What is needed
Skip the pictures and retype exactly the lines from the one holding "this 1333×1000 image." through the end of the entries.

Exercise input

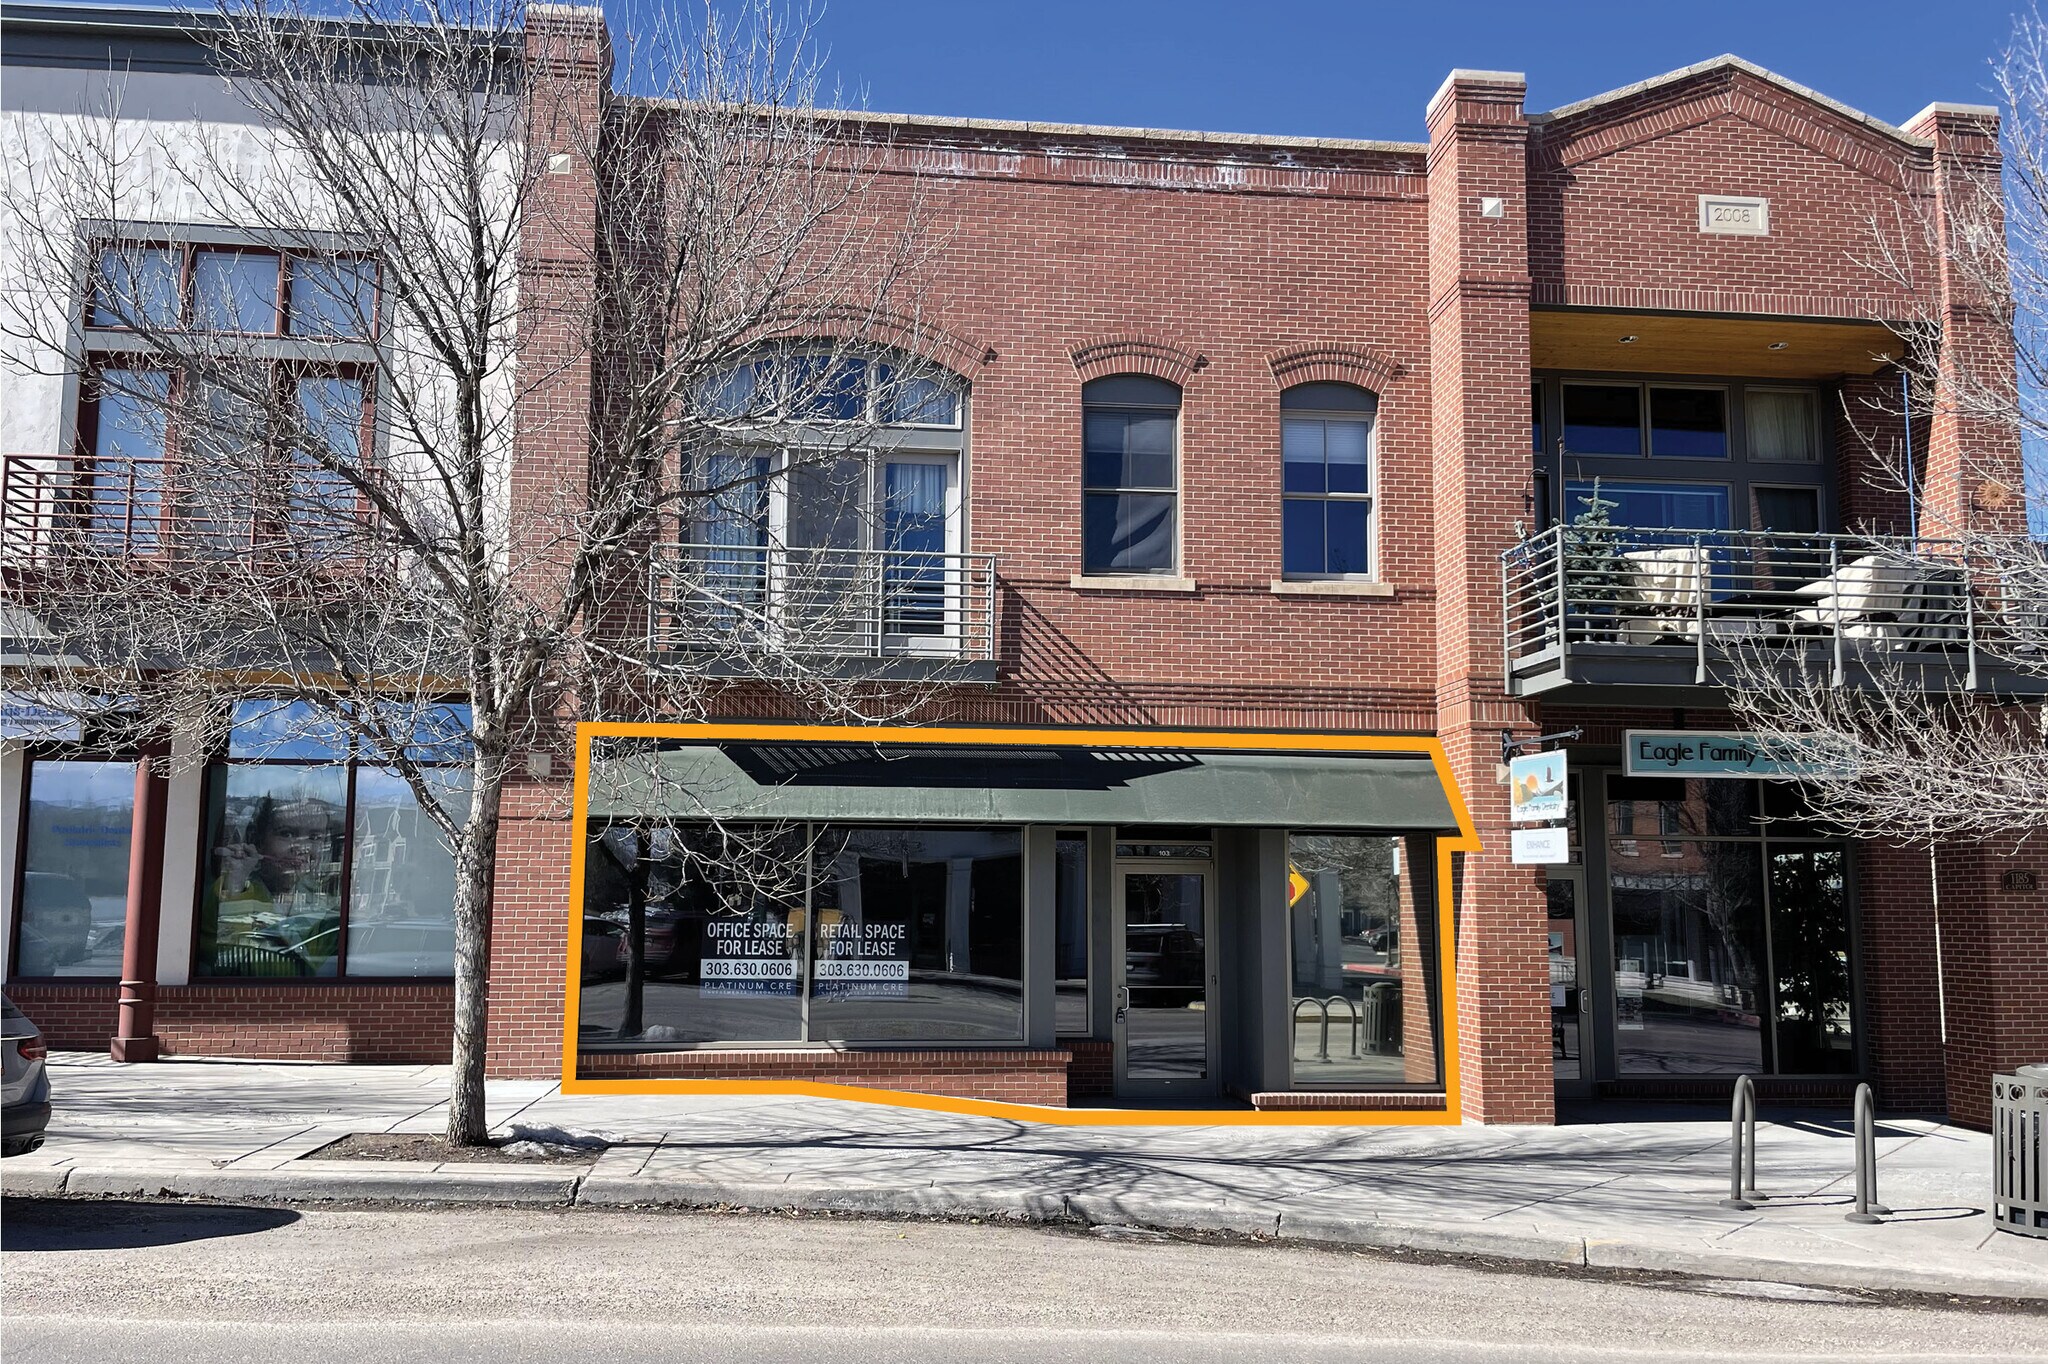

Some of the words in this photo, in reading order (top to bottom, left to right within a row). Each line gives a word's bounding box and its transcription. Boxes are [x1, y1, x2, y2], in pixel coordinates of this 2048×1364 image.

[1714, 208, 1751, 223] 2008
[1640, 741, 1694, 766] Eagle
[1699, 743, 1760, 767] Family
[2011, 872, 2030, 884] 1185
[707, 922, 751, 938] OFFICE
[753, 923, 794, 938] SPACE
[820, 923, 862, 939] RETAIL
[864, 924, 905, 939] SPACE
[716, 939, 742, 955] FOR
[744, 940, 783, 956] LEASE
[829, 940, 853, 956] FOR
[857, 941, 896, 956] LEASE
[705, 962, 793, 976] 303.630.0606
[819, 963, 905, 977] 303.630.0606
[704, 981, 764, 990] PLATINUM
[770, 981, 792, 990] CRE
[818, 982, 877, 991] PLATINUM
[882, 983, 904, 991] CRE
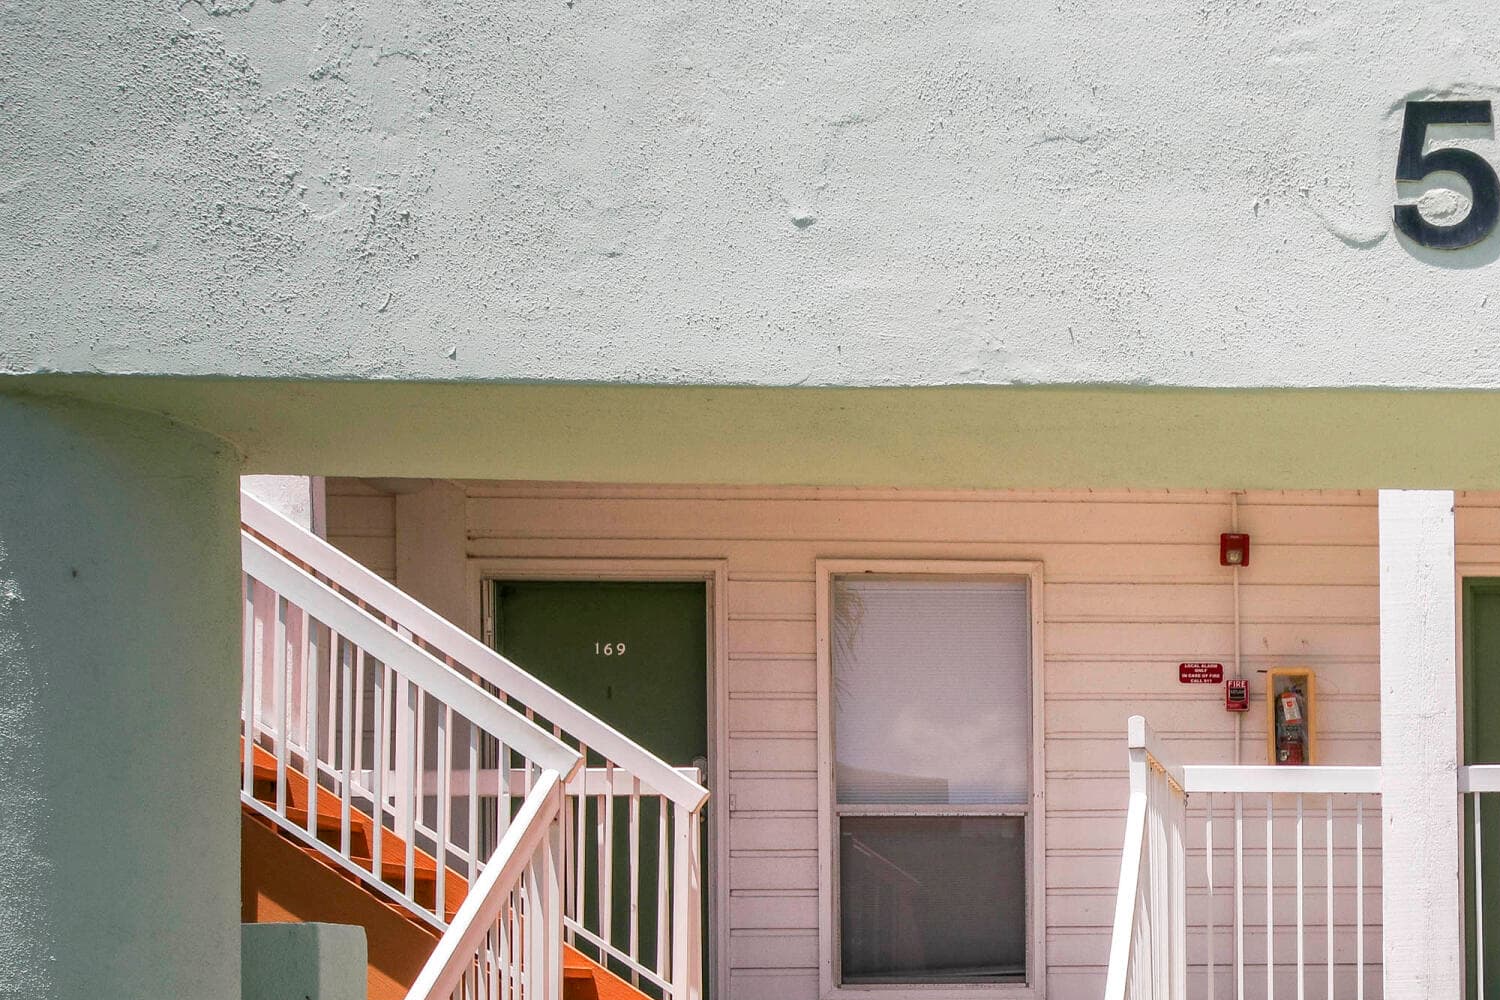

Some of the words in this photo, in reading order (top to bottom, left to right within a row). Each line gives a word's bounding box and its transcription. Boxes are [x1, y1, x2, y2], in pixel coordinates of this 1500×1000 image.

[1393, 100, 1500, 250] 5
[595, 642, 626, 656] 169
[1228, 680, 1246, 688] FIRE
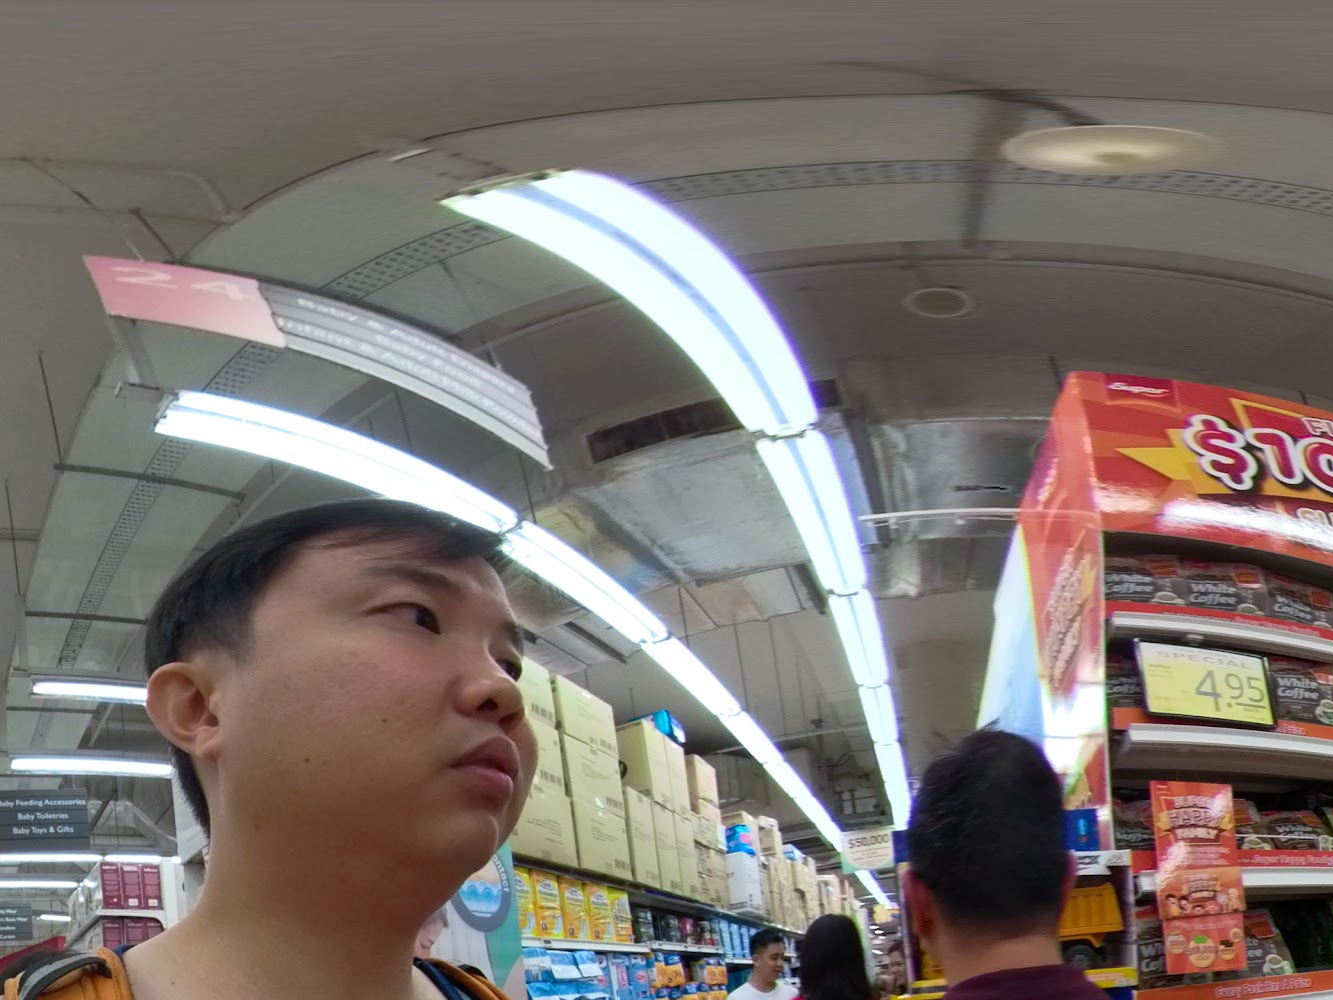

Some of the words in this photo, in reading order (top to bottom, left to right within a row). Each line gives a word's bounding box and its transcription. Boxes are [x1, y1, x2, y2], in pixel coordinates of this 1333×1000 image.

[1108, 381, 1169, 398] Super
[1191, 582, 1237, 594] White
[1189, 593, 1238, 605] Coffee
[1157, 650, 1252, 670] SPECIAL
[1277, 676, 1319, 688] White
[1195, 670, 1267, 712] 4.95
[1277, 687, 1320, 700] Coffee
[16, 799, 43, 807] Feeding
[18, 813, 35, 821] Baby
[13, 827, 29, 835] Baby
[32, 826, 47, 834] Toys
[1176, 828, 1218, 840] FAMILY
[1216, 984, 1243, 998] Every
[1244, 982, 1263, 995] Pack
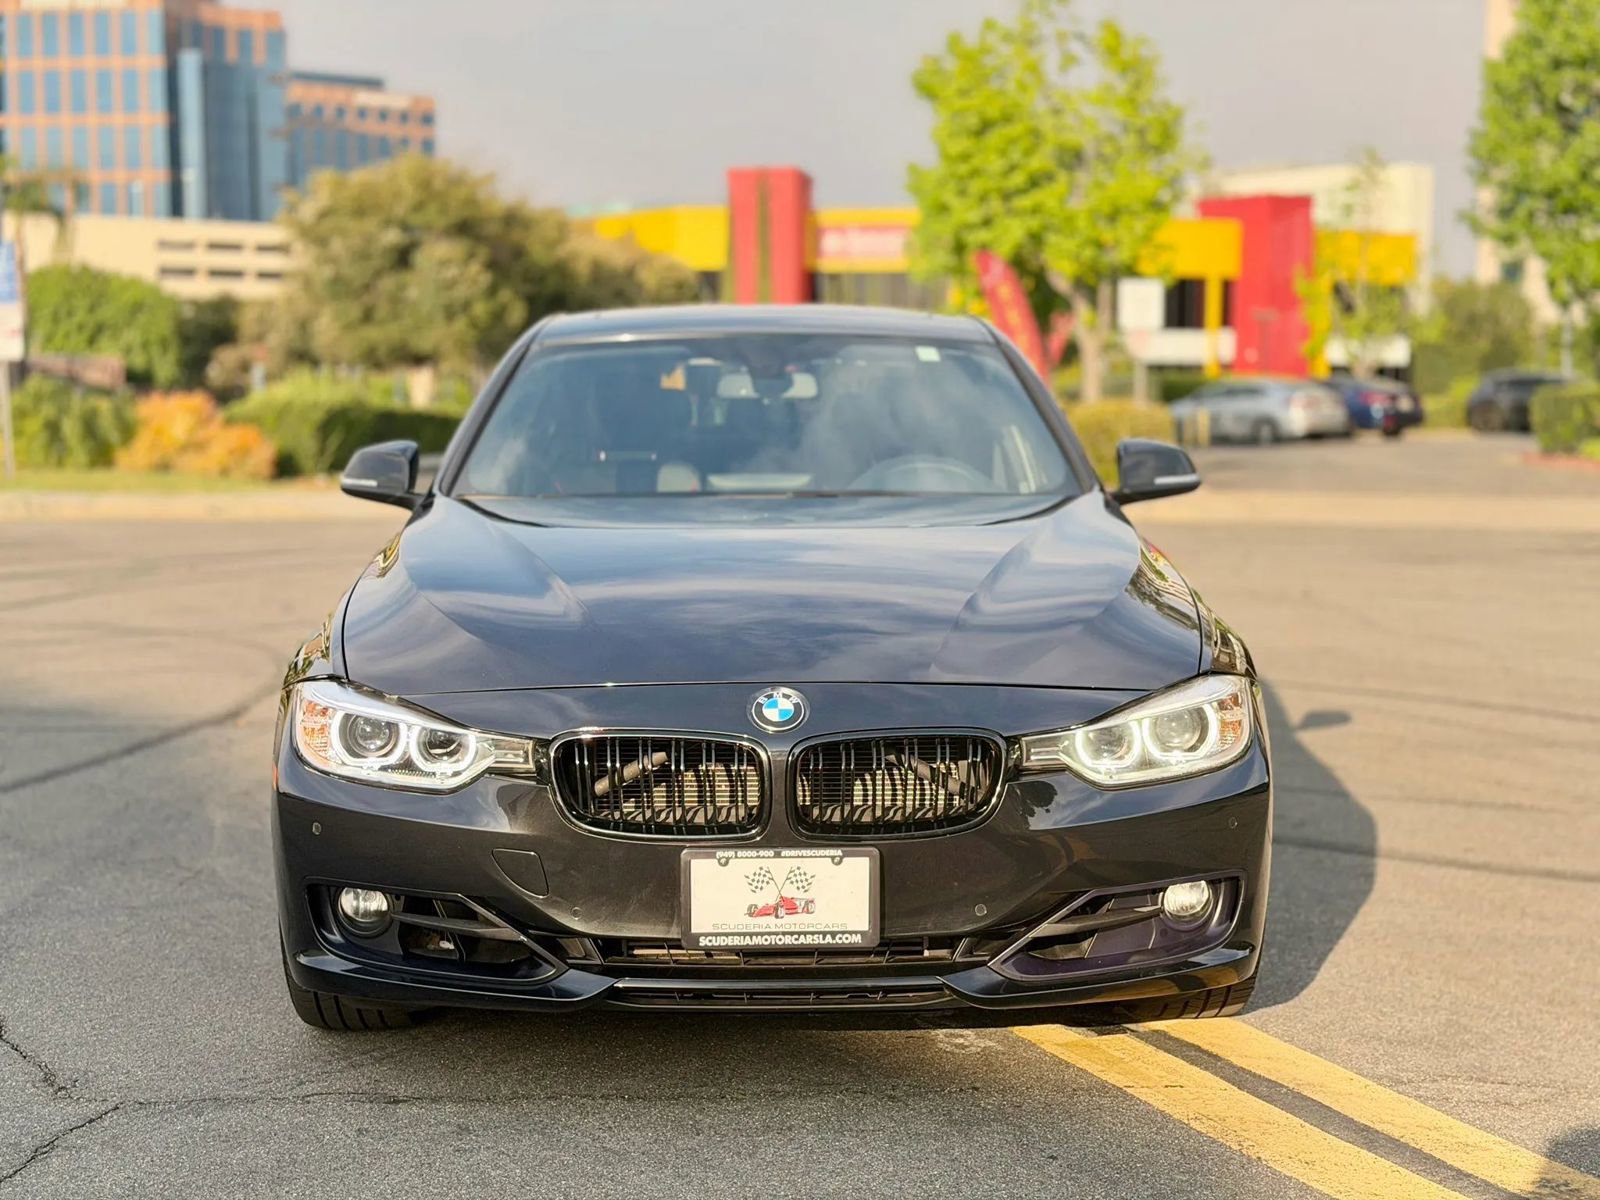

Output of the exercise
Some of the words in this photo, in reading order (top to bottom, left to right within a row). Each line gives a word's bounding box and its transcription. Boxes are [x1, y1, x2, y2], in pixel coordinates of this 1333×1000 image.

[1108, 381, 1169, 398] Super
[1191, 582, 1237, 594] White
[1189, 593, 1238, 605] Coffee
[1157, 650, 1252, 670] SPECIAL
[1277, 676, 1319, 688] White
[1195, 670, 1267, 712] 4.95
[1277, 687, 1320, 700] Coffee
[16, 799, 43, 807] Feeding
[18, 813, 35, 821] Baby
[13, 827, 29, 835] Baby
[32, 826, 47, 834] Toys
[1176, 828, 1218, 840] FAMILY
[1216, 984, 1243, 998] Every
[1244, 982, 1263, 995] Pack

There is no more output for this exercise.